Conclusion and Discussion

Main Conclusions

HiRA effectively addresses limitations of monolithic models in deep search tasks by separating strategic planning from specialized execution. The multi-agent architecture supports scalable and modular reasoning.

Limitations

Computational Overhead: The multi-agent architecture may increase computational costs
Coordination Complexity: Coordination mechanisms between agents require careful design
Error Propagation: Errors in subtask execution may impact overall performance

Future Directions

Further optimize coordination mechanisms between agents
Explore additional domain-specialized executors
Investigate dynamic agent selection strategies

In-Depth Evaluation

Strengths

Innovative Architecture Design: The hierarchical decoupled design has both theoretical and practical value
Comprehensive Experimental Validation: Systematic evaluation on multiple complex benchmarks
Strong Practicality: The framework supports plug-and-play integration of existing agents
Thorough Analysis: Provides detailed ablation studies and efficiency analysis

Weaknesses

Baseline Selection: Some baseline methods may not represent the latest SOTA
Evaluation Limitations: Primarily uses LLM-as-Judge, which may introduce evaluation bias
Scalability Verification: Lacks validation on larger scales or more domains

Impact

Academic Contribution: Provides a new design paradigm for multi-agent reasoning systems
Practical Value: Can be directly applied to complex information retrieval scenarios
Reproducibility: Provides detailed implementation details and code

Applicable Scenarios

Complex question-answering systems requiring multi-step reasoning
Cross-modal information retrieval and synthesis
Research and analysis tasks requiring specialized tool support
Enterprise-level knowledge management and decision support systems

References

The paper cites multiple important works, including foundational RAG work (Lewis et al. 2020), recent reasoning models (OpenAI o1, DeepSeek-R1), and related research on multi-agent systems.
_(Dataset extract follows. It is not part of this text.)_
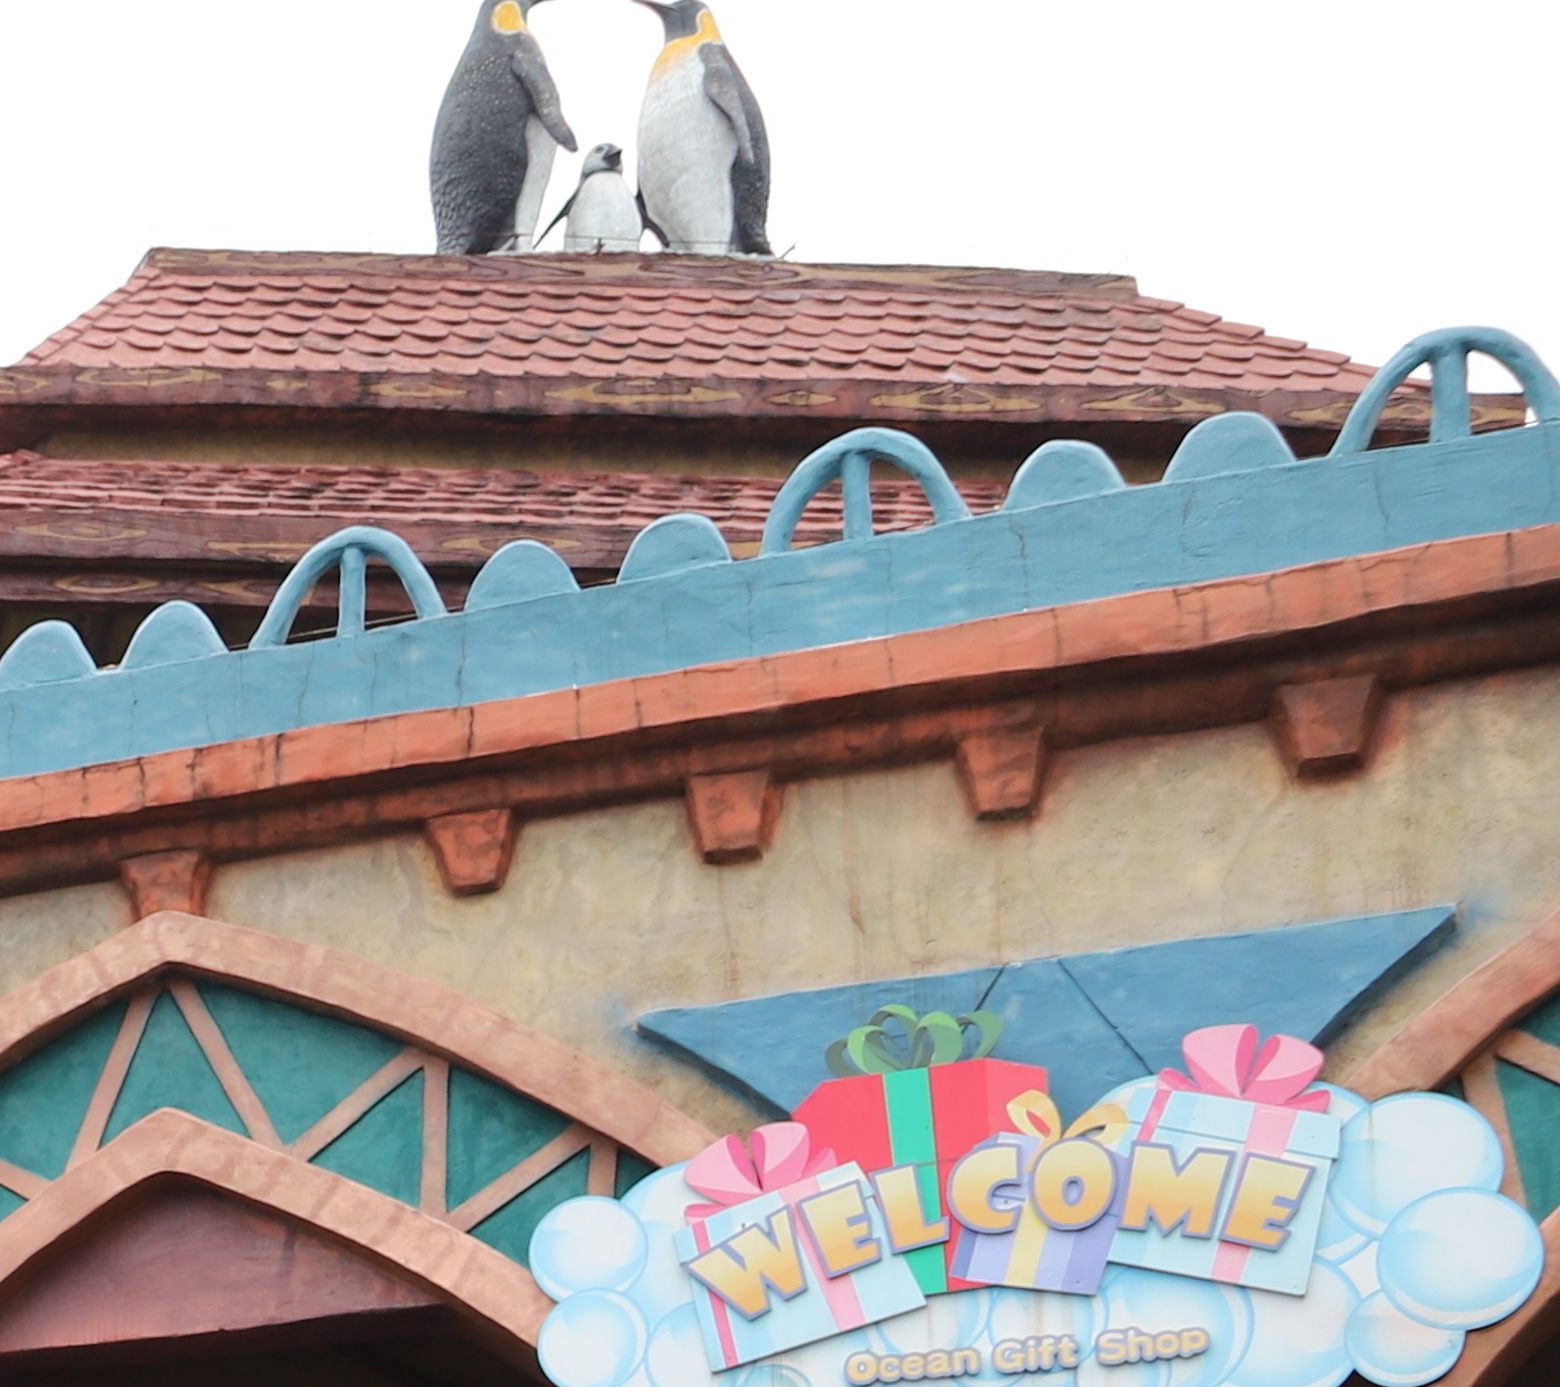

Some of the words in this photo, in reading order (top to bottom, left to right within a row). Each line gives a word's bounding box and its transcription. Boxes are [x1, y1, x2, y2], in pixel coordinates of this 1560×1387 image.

These citations reflect the authors' deep understanding of the field's development trajectory.

Overall Assessment: This is a high-quality research paper that proposes an innovative hierarchical reasoning framework with solid theoretical design and experimental validation. This work has significant value for the development of multi-agent reasoning systems, particularly with broad application prospects in the complex information retrieval domain.